■ **DESCRIPTION OF THE TASK**
Omit the images and output every line of the data below exactly.

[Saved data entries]

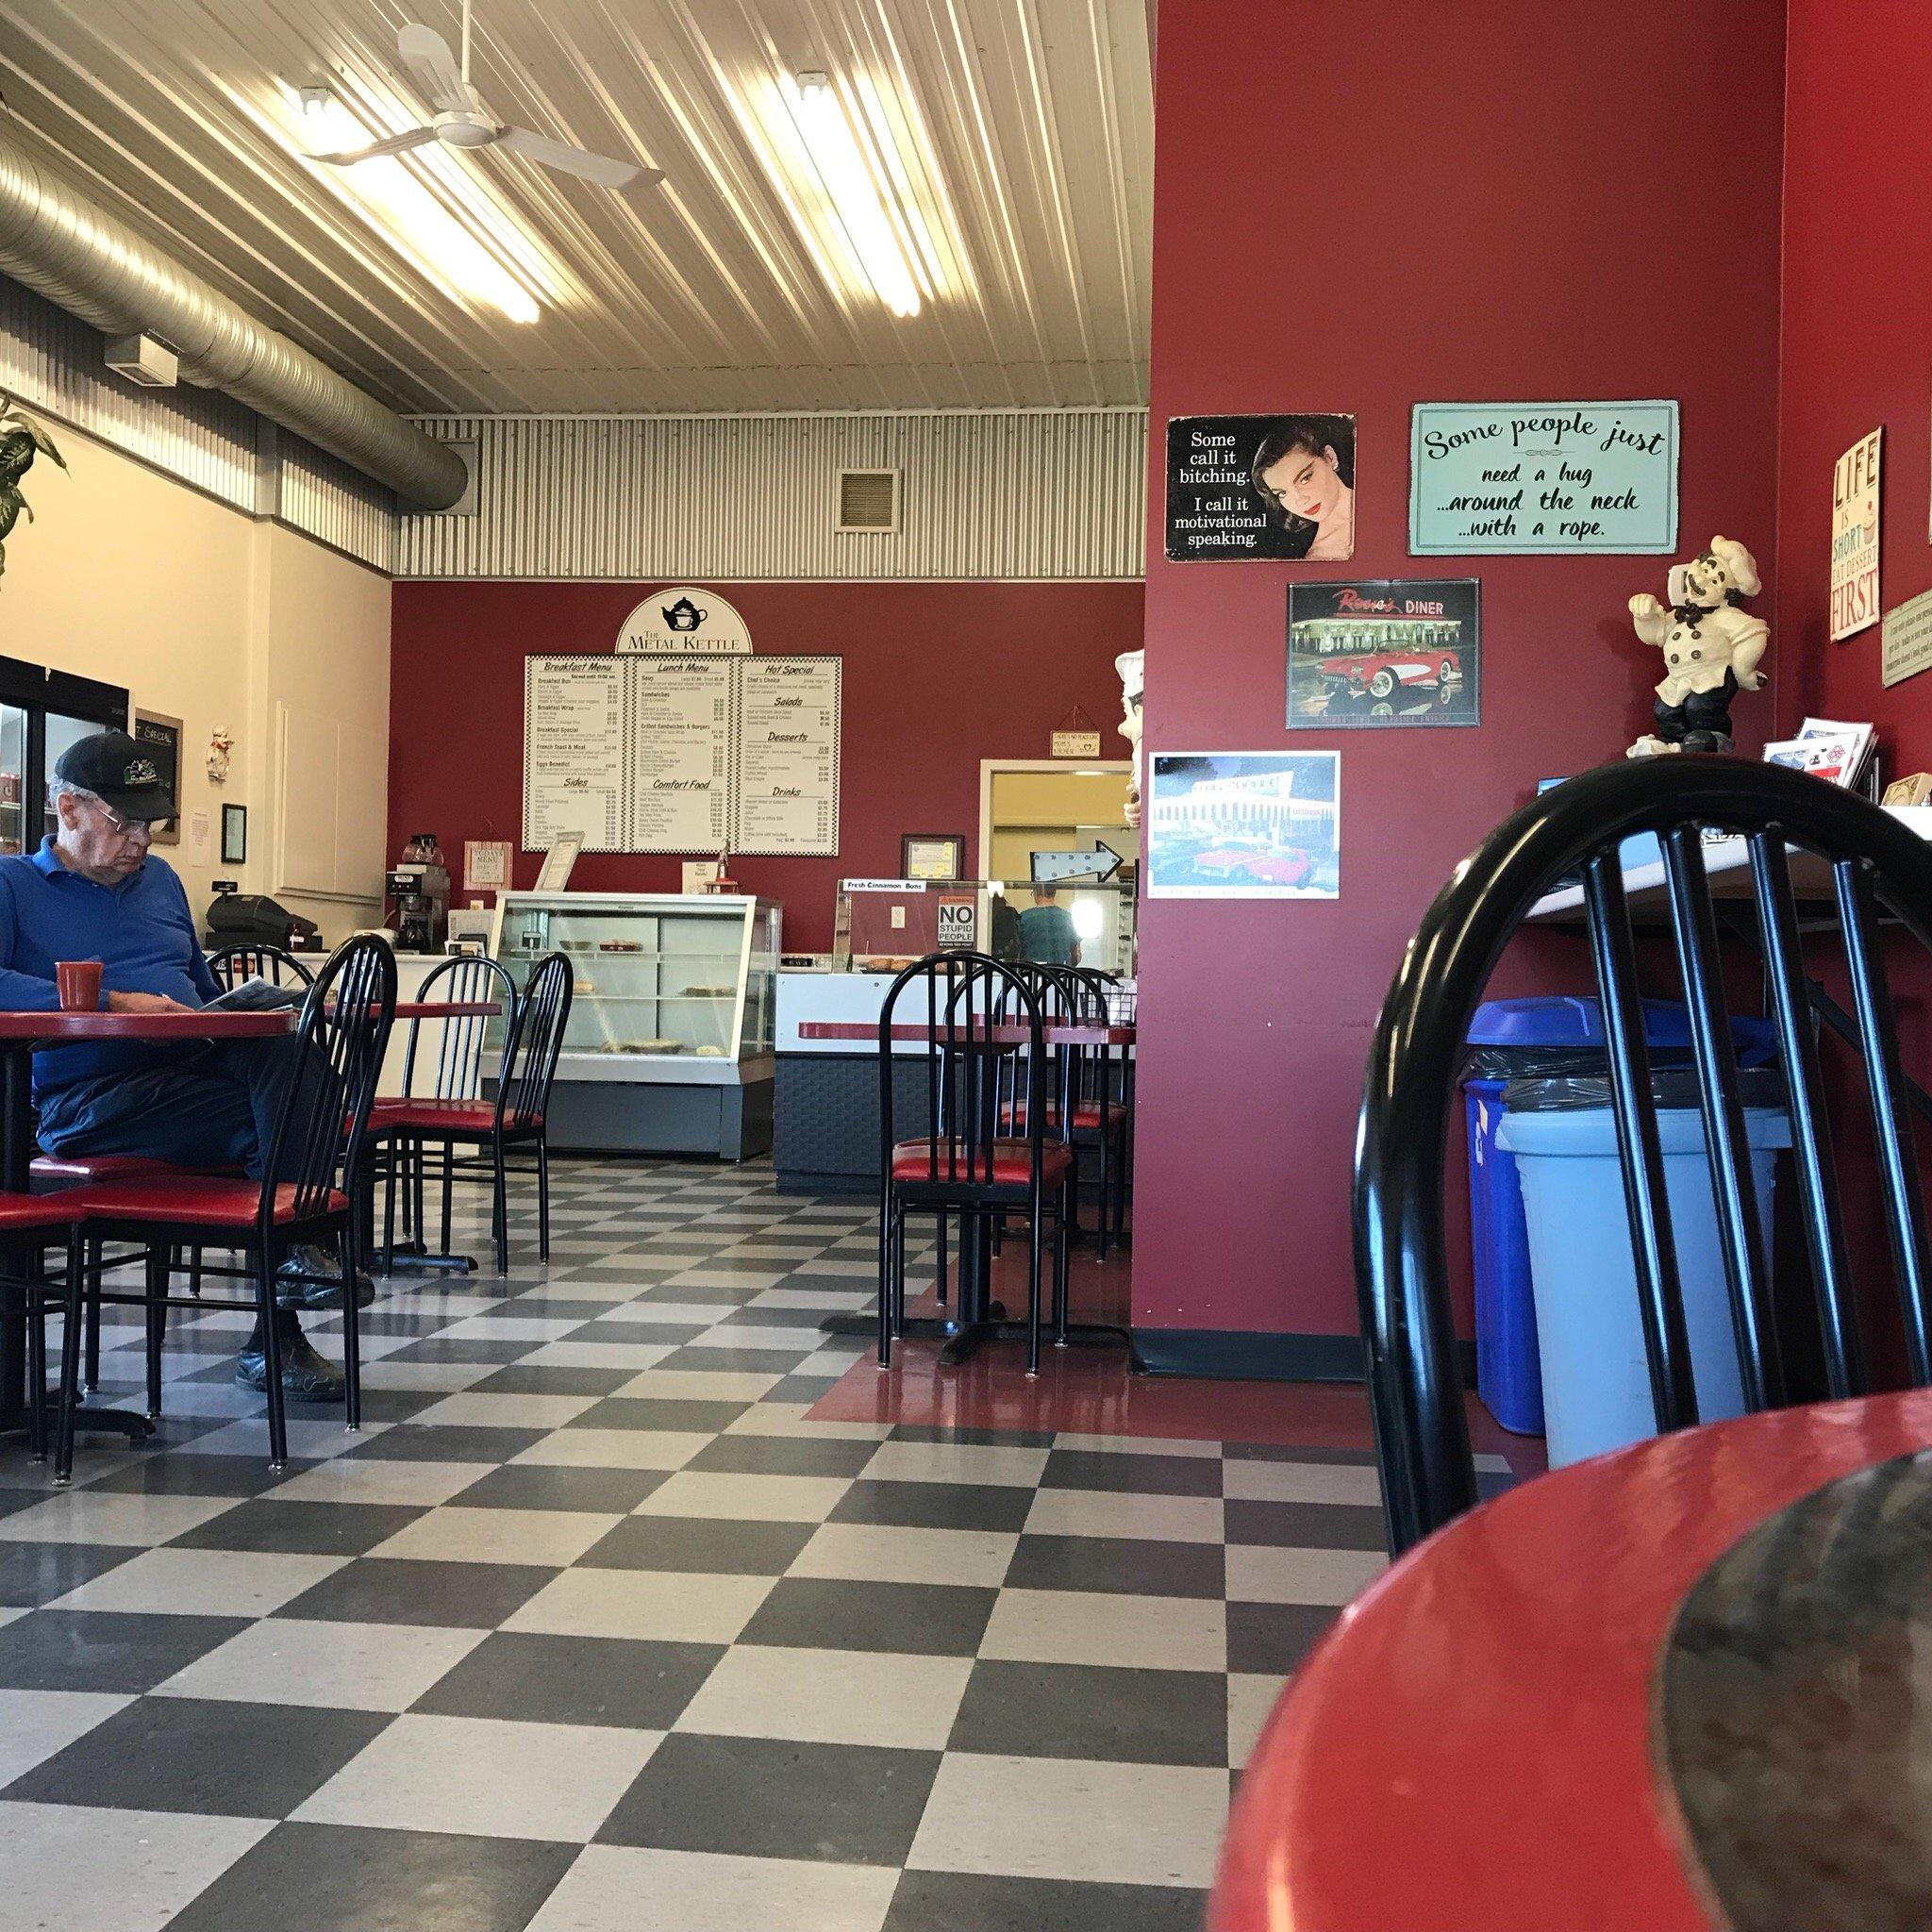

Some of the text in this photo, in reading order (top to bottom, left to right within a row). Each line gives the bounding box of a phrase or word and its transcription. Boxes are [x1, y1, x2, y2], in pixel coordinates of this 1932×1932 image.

[1191, 432, 1236, 447] Some
[1424, 412, 1665, 459] Some people just
[1190, 450, 1237, 465] call it
[1179, 468, 1250, 486] bitching.
[1482, 461, 1592, 489] need a hug
[1836, 436, 1877, 510] LIFE
[1194, 497, 1249, 511] I call it
[1437, 487, 1640, 511] ...around the neck
[1174, 513, 1267, 528] motivational
[1840, 508, 1849, 529] IS
[1458, 514, 1605, 541] ...with a rope.
[1188, 532, 1257, 548] speaking.
[1833, 524, 1862, 562] SHORT
[1833, 545, 1877, 586] EAT DESSERT
[1406, 599, 1444, 615] DINER
[1831, 566, 1877, 635] FIRST
[628, 636, 740, 650] METAL KETTLE
[543, 661, 613, 673] Breakfast Menu
[658, 663, 710, 673] Lunch Menu
[765, 665, 815, 675] Hot Special
[774, 696, 803, 707] Salads
[767, 731, 808, 742] Desserts
[563, 777, 589, 787] Sides
[653, 779, 711, 790] Comfort Food
[772, 787, 802, 797] Drinks
[940, 907, 973, 924] NO

■ **RESULT OF THIS TASK**
Some of the text in this photo, in reading order (top to bottom, left to right within a row). Each line gives the bounding box of a phrase or word and its transcription. Boxes are [x1, y1, x2, y2], in pixel coordinates of this 1932×1932 image.

[1191, 432, 1236, 447] Some
[1424, 412, 1665, 459] Some people just
[1190, 450, 1237, 465] call it
[1179, 468, 1250, 486] bitching.
[1482, 461, 1592, 489] need a hug
[1836, 436, 1877, 510] LIFE
[1194, 497, 1249, 511] I call it
[1437, 487, 1640, 511] ...around the neck
[1174, 513, 1267, 528] motivational
[1840, 508, 1849, 529] IS
[1458, 514, 1605, 541] ...with a rope.
[1188, 532, 1257, 548] speaking.
[1833, 524, 1862, 562] SHORT
[1833, 545, 1877, 586] EAT DESSERT
[1406, 599, 1444, 615] DINER
[1831, 566, 1877, 635] FIRST
[628, 636, 740, 650] METAL KETTLE
[543, 661, 613, 673] Breakfast Menu
[658, 663, 710, 673] Lunch Menu
[765, 665, 815, 675] Hot Special
[774, 696, 803, 707] Salads
[767, 731, 808, 742] Desserts
[563, 777, 589, 787] Sides
[653, 779, 711, 790] Comfort Food
[772, 787, 802, 797] Drinks
[940, 907, 973, 924] NO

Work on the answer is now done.